I’ve been working with a friend who is in search of his first home. This is not typically my aim, but I decided it would be good to help him out. I figured it would be easy. A $300k budget, the ability to handle a remodel, and plenty of enthusiasm for the process. This was what I thought. Six or more months into the home search I feel as though I may have made a big mistake. This market is tough. Like, super tough. You like that boring ranch on a half acre lot? You know, the one with the water in the basement and the rotting roof? The one that isn’t even cheap? Yeah, so does everyone else. Take a home buyer and let him find interest in one or two homes that each sell before he can buy them and then stand back and look at the impatient mess that the market has created. Hot markets breed hot markets. Confidence, it seems, has never been higher, and with that confidence comes a tidal wave of buyer mistakes.
Because the papers are telling people to buy houses. Economists say buy. Lenders, buy. Realtors, BUY. Everyone wants you to buy a house. If you don’t own one, buy. If you own one, buy another. If you own seven, buy the eighth. After all, Lawrence Yun says you should buy. In case you don’t know Lawrence, he’s the chief economist for the National Association of Realtors. In spite of his research, he’s never found a time that wasn’t right to buy a house. Buy in 2008, because buy! Buy in 2009 because the market has pulled back. Rinse and repeat for the following four years. Then buy in 2013 because the market in rebounding. Then rinse and repeat that mantra from then until now. Buy, buy, buy.
And this is the attitude that has fueled a most remarkable level of growth in our primary housing market. Oh, I should add, this is not a post that’s very inclusive of the Lake Geneva vacation home market. This is about the primary market, where you live and where I live, not where you vacation and I vacation. This is the market for the people, and it’s absolutely on fire. McHenry County is on fire. Lake County, too. Kenosha County is booming because people from Illinois who don’t like high taxes are moving to Wisconsin to pay higher taxes. Interest rates have risen, but they’ll be rising some more, so buy! The narrative is the chorus, the refrain, buy, buy, buy. All of this is fueling a most incredible, dynamic market.
The Chicago Tribune chimed in on Sunday with an article that says- you won’t believe this- that it’s time to buy. Experts say you should buy a home this year. Buy one now, don’t be left behind. And this is the sort of thing that my young friend, Mr. Primary Home Buyer, is reading. Everyone is buying, so why not me, why not now? Well, just maybe, because you can’t quite find the right house. When we started our search my buyer wanted to find lots of land. Ten acres would do, but twenty would be better. Thirty, ideal. The search went on that way for some time. Where has the search led us today? To $319k vinyl ranch homes on half acre lots. These are sent to me with the link to the property and a note “Not bad, right”.

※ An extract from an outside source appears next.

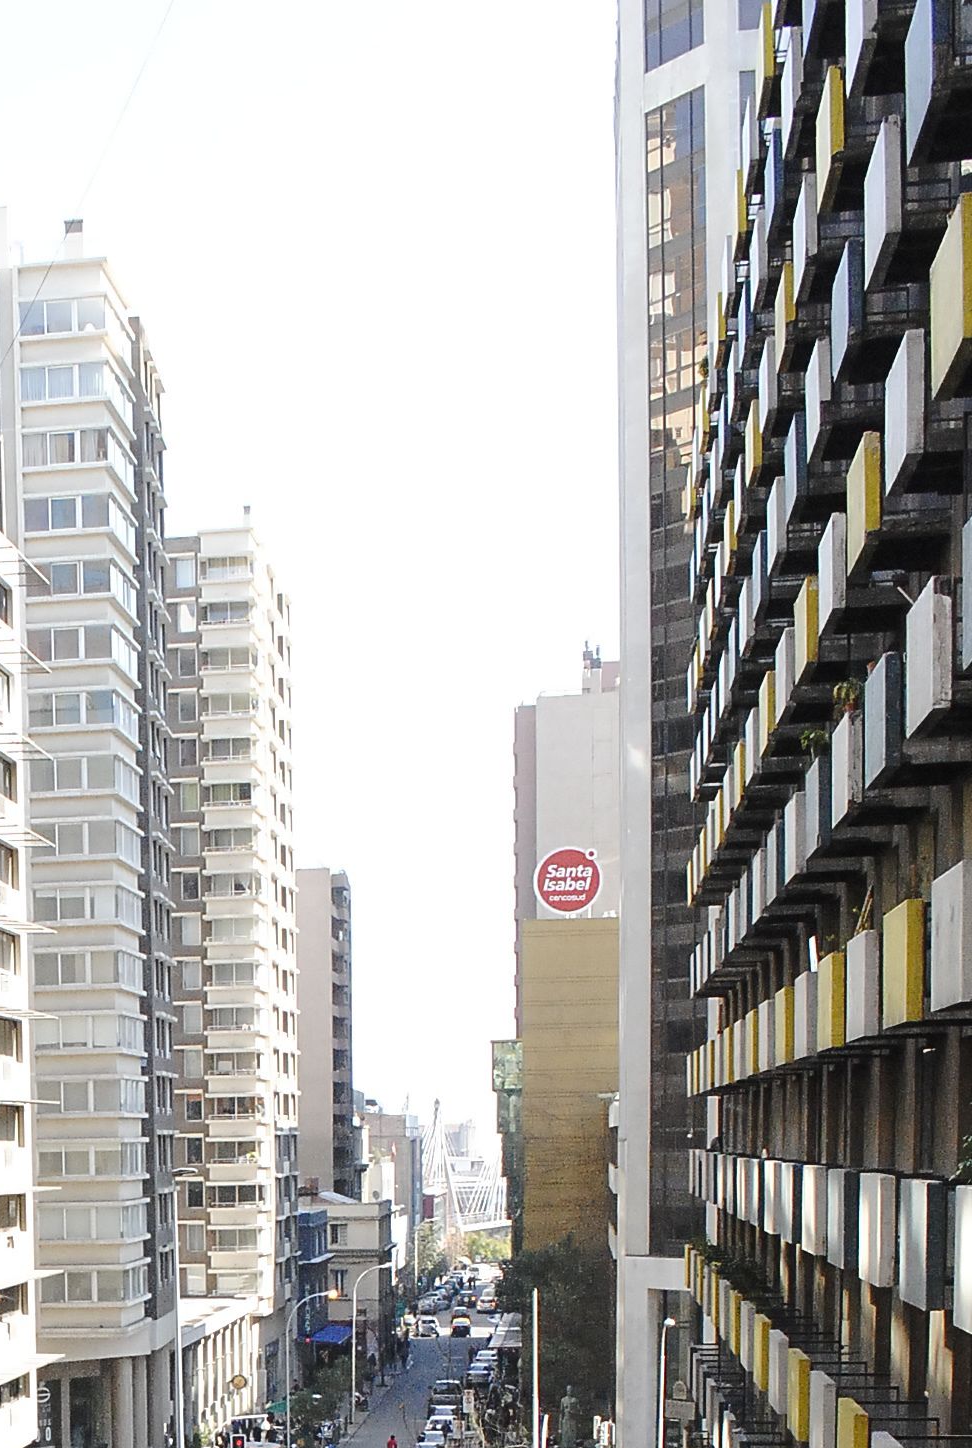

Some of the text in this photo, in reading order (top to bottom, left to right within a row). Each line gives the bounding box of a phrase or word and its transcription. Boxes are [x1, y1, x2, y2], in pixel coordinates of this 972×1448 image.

No. Bad. Terrible, awful, bad. Because everyone is buying the feeling is that buying is a must. Buying is a requirement. Buying is all there is and without it there is nothing. Inventory is low, this we know. And this creates a bit of a difficult situation for would-be-buyers. If you’re buying a lakefront on Geneva, you know that not only is inventory limited today, inventory is limited at almost all times. It’s a low inventory market, in times good and bad. If you want something perfect, you’re going to have to compromise and buy something less than, because you can fix the things you wish were different. The market on the lakefront is rare and valuable and it’s not at all like a primary home market. But that beat up ranch on 7 acres for $299k that you’re looking for? Well there might not be one for sale today, but I’ll bet you all of your money and a little of mine that there will be one coming to market in the next several months.
So my advice for the primary home buyer in this market? Be patient. Yes, interest rates are slowly rising. Yes, that’s too bad. But why buy a house you hate to save a quarter point on a mortgage rate? Find something you love, because if it isn’t for sale in May then there’s a good chance it’ll be for sale in June.